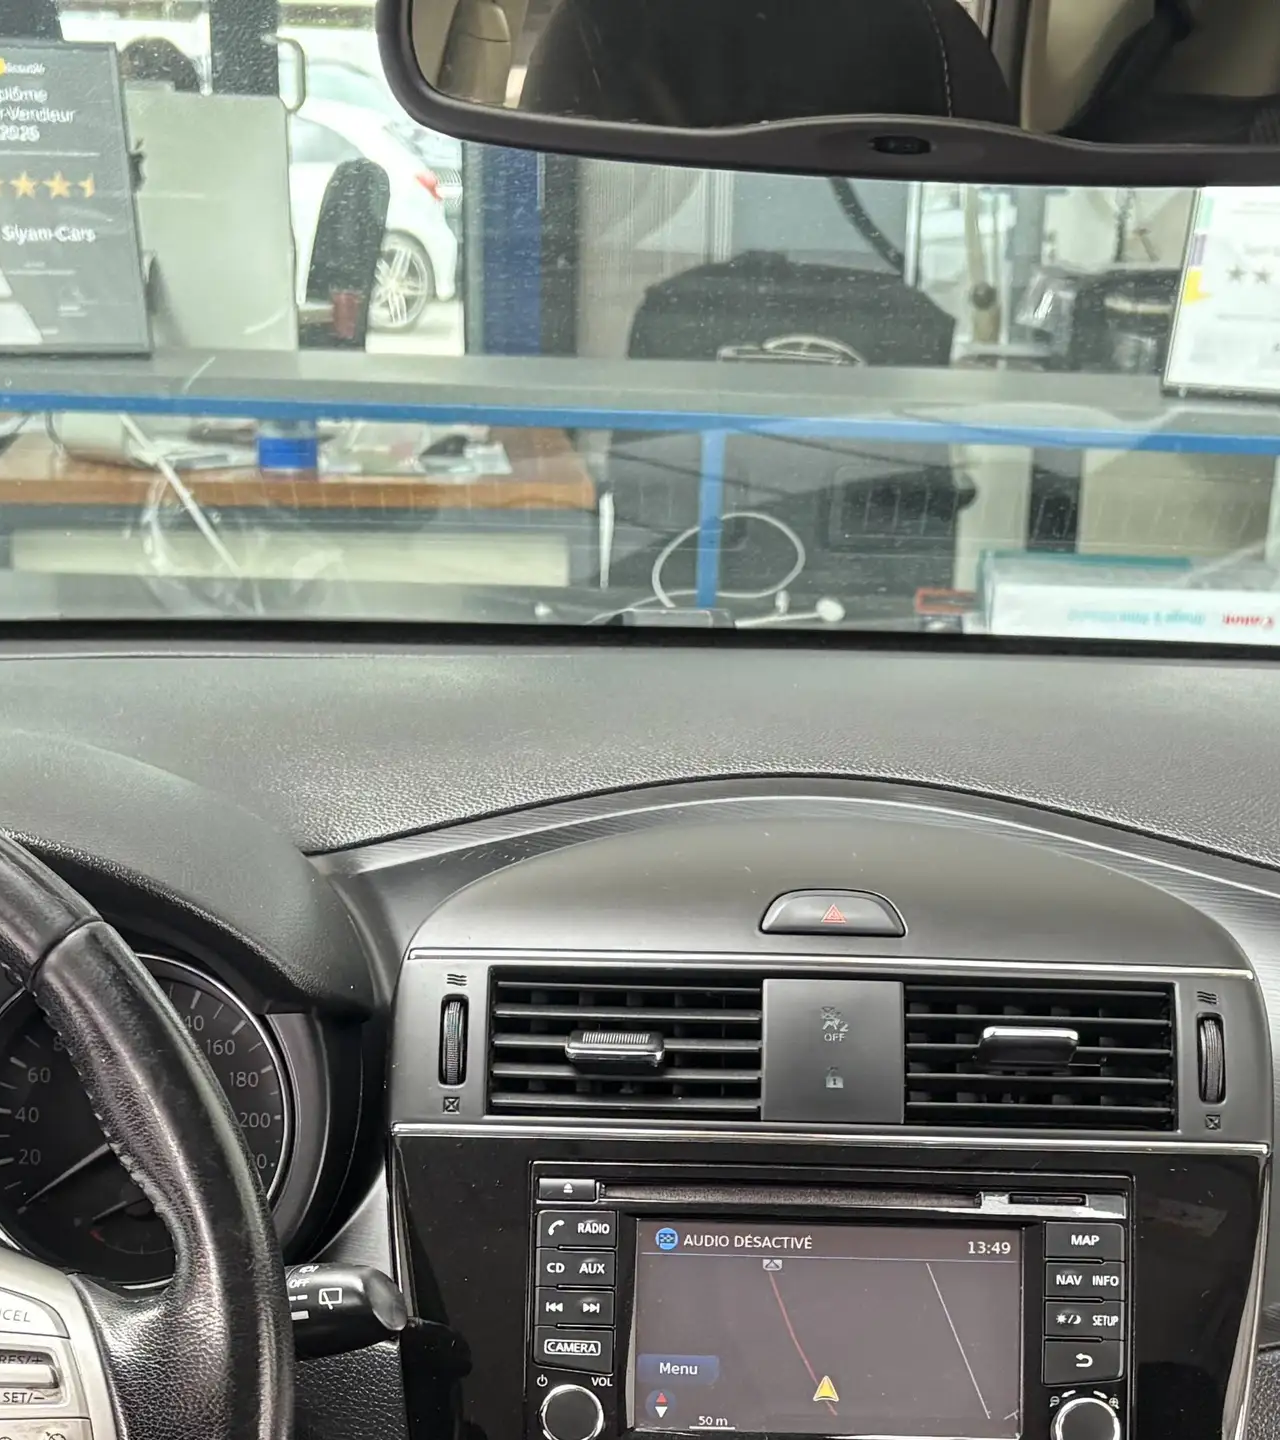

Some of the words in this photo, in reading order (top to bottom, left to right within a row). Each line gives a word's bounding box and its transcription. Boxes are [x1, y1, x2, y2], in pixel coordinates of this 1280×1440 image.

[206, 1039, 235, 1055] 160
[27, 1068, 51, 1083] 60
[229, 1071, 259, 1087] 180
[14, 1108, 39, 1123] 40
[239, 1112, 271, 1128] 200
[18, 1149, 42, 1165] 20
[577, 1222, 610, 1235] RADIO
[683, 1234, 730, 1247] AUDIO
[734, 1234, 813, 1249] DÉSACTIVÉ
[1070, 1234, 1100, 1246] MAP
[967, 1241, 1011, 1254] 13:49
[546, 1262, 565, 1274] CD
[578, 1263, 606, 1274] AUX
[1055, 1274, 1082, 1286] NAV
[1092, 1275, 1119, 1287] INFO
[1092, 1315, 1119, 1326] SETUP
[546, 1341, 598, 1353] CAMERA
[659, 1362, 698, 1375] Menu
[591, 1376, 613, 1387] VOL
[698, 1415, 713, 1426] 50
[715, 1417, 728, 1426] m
────────
Set down the complete material exactly, but do not include the images.

Task output →
Some of the words in this photo, in reading order (top to bottom, left to right within a row). Each line gives a word's bounding box and its transcription. Boxes are [x1, y1, x2, y2], in pixel coordinates of this 1280×1440 image.

[206, 1039, 235, 1055] 160
[27, 1068, 51, 1083] 60
[229, 1071, 259, 1087] 180
[14, 1108, 39, 1123] 40
[239, 1112, 271, 1128] 200
[18, 1149, 42, 1165] 20
[577, 1222, 610, 1235] RADIO
[683, 1234, 730, 1247] AUDIO
[734, 1234, 813, 1249] DÉSACTIVÉ
[1070, 1234, 1100, 1246] MAP
[967, 1241, 1011, 1254] 13:49
[546, 1262, 565, 1274] CD
[578, 1263, 606, 1274] AUX
[1055, 1274, 1082, 1286] NAV
[1092, 1275, 1119, 1287] INFO
[1092, 1315, 1119, 1326] SETUP
[546, 1341, 598, 1353] CAMERA
[659, 1362, 698, 1375] Menu
[591, 1376, 613, 1387] VOL
[698, 1415, 713, 1426] 50
[715, 1417, 728, 1426] m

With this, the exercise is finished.